Originally published in the November 1997 edition of Dushu, 

(representative of an emerging strain of Chinese legal thought, which seeks to interrogate the cultural ‘baggage’ of transplanted laws and procedures and to challenge the assumption that a ‘rule of law’ can be instigated by legislative reform alone.)

- Imminent Fear, Immediate Hopes, tr. Geremie Barmé, China Heritage, Aug. 1st 2018.

- And Teachers, Then ? They Juste Do Their Things, tr. Geremie Barmé, China Heritage, Nov. 2018.

- 1900 & 2020 – An Old Anxiety in a New Era, China Heritage, April 2020.

- Xi’s China, the Handiwork of an Autocratic Roué, tr. Geremie Barmé, The New York Review of Books, Aug. 9, 2021. Edited version of “Alarms and Excursions Permit No Peace” (笳鼓悲鳴遣人驚).

- Ten Letters from a Year of Plague (《庚子十劄》), tr. and notes Geremie Barmé, Bowen Books, NY, Aug. 2021.

 


 

Traduction en français

- Alerte virale, quand la colère est plus forte que la peur, trad. et préface de Jean-Philippe Béja, R&N éditions, août 2021.

 

 

Alerte virale

 

 


[1] Inauguré en décembre 2016, le site est une expansion du projet China Heritage lancé en 2005 par Geremie Barmé et du journal numérique trimestriel China Heritage Quaterly qui lui était lié, et qui a paru de 2005 à 2012.
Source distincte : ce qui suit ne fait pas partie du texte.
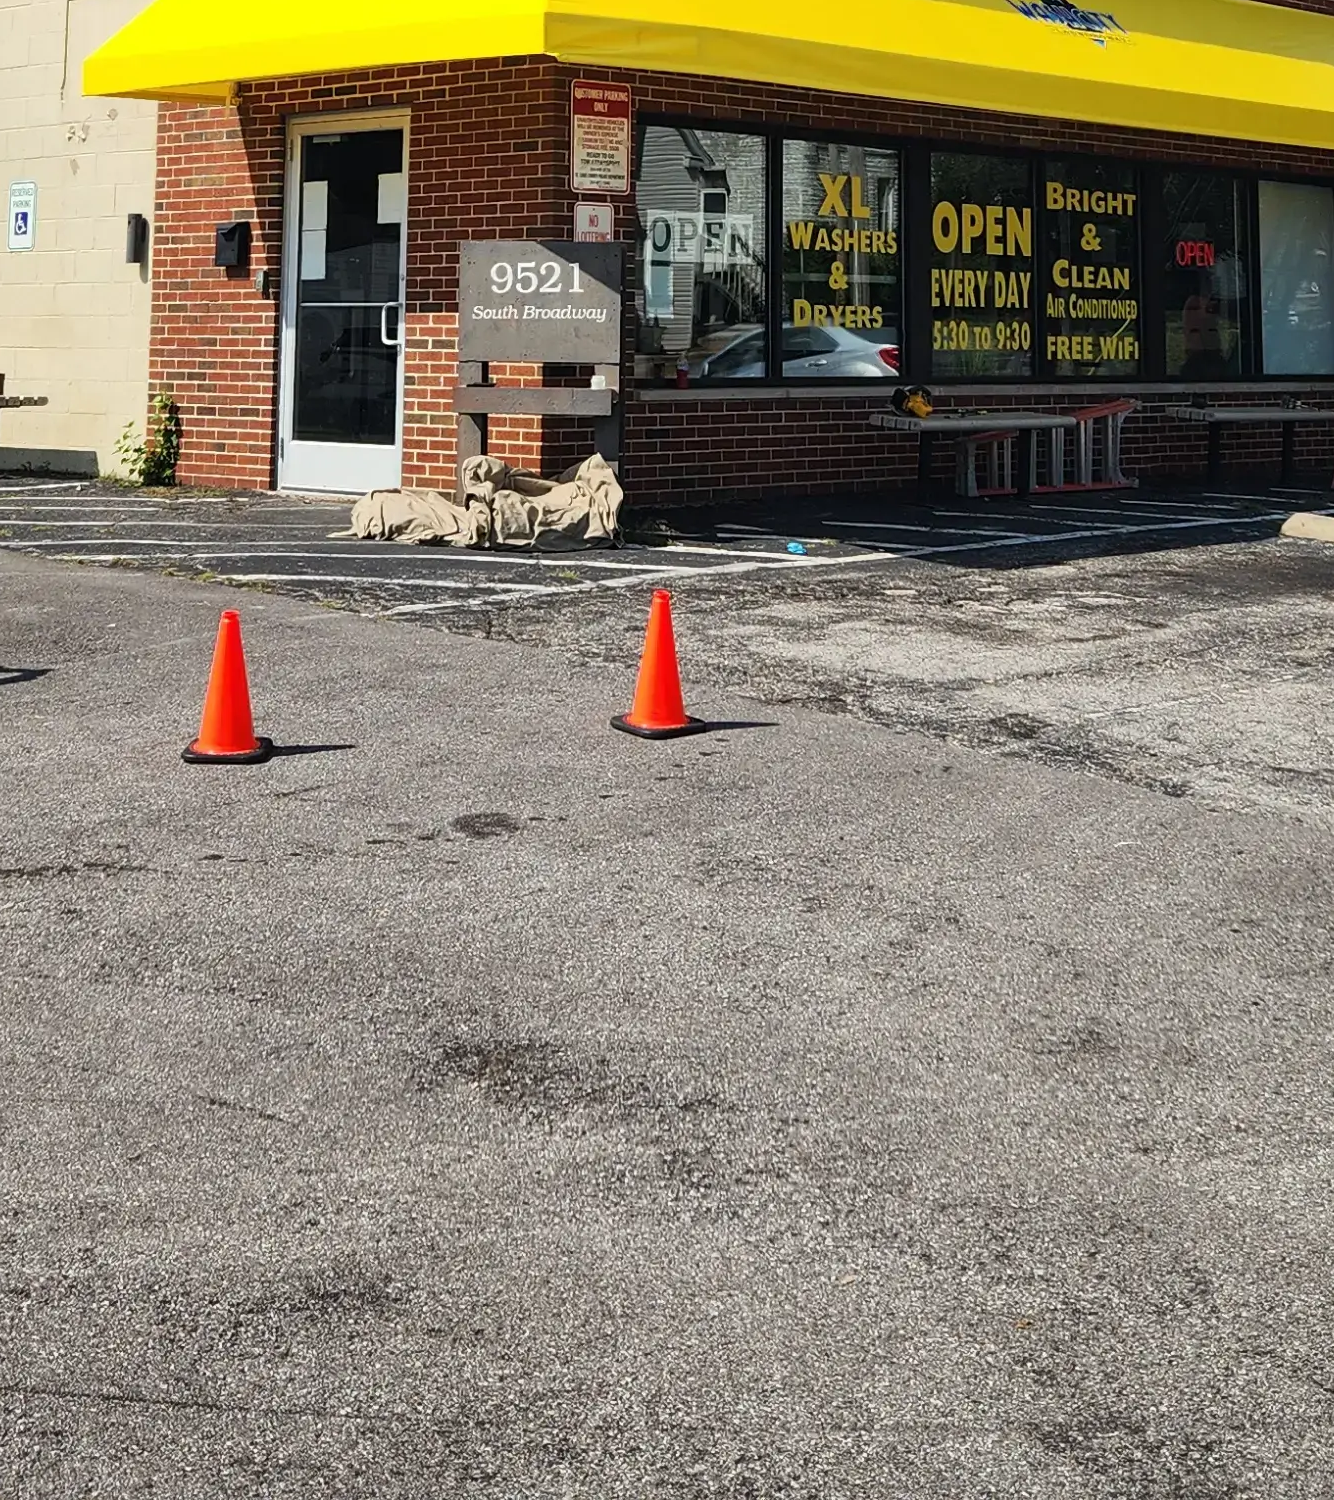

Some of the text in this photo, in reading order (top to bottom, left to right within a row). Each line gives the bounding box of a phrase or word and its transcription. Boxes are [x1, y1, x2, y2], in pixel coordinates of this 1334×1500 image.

[2] Accusation fallacieuse que les autorités chinoises utilisent souvent contre des acteurs ou des réalisateurs qu’ils veulent mettre au pas en en faisant des exemples de turpitude morale.

[3] Sur le site de l’université d’Anqing : https://fxy.aqnu.edu.cn/info/1060/1335.htm

Traduction en français en préparation pour un ouvrage à paraître en 2025.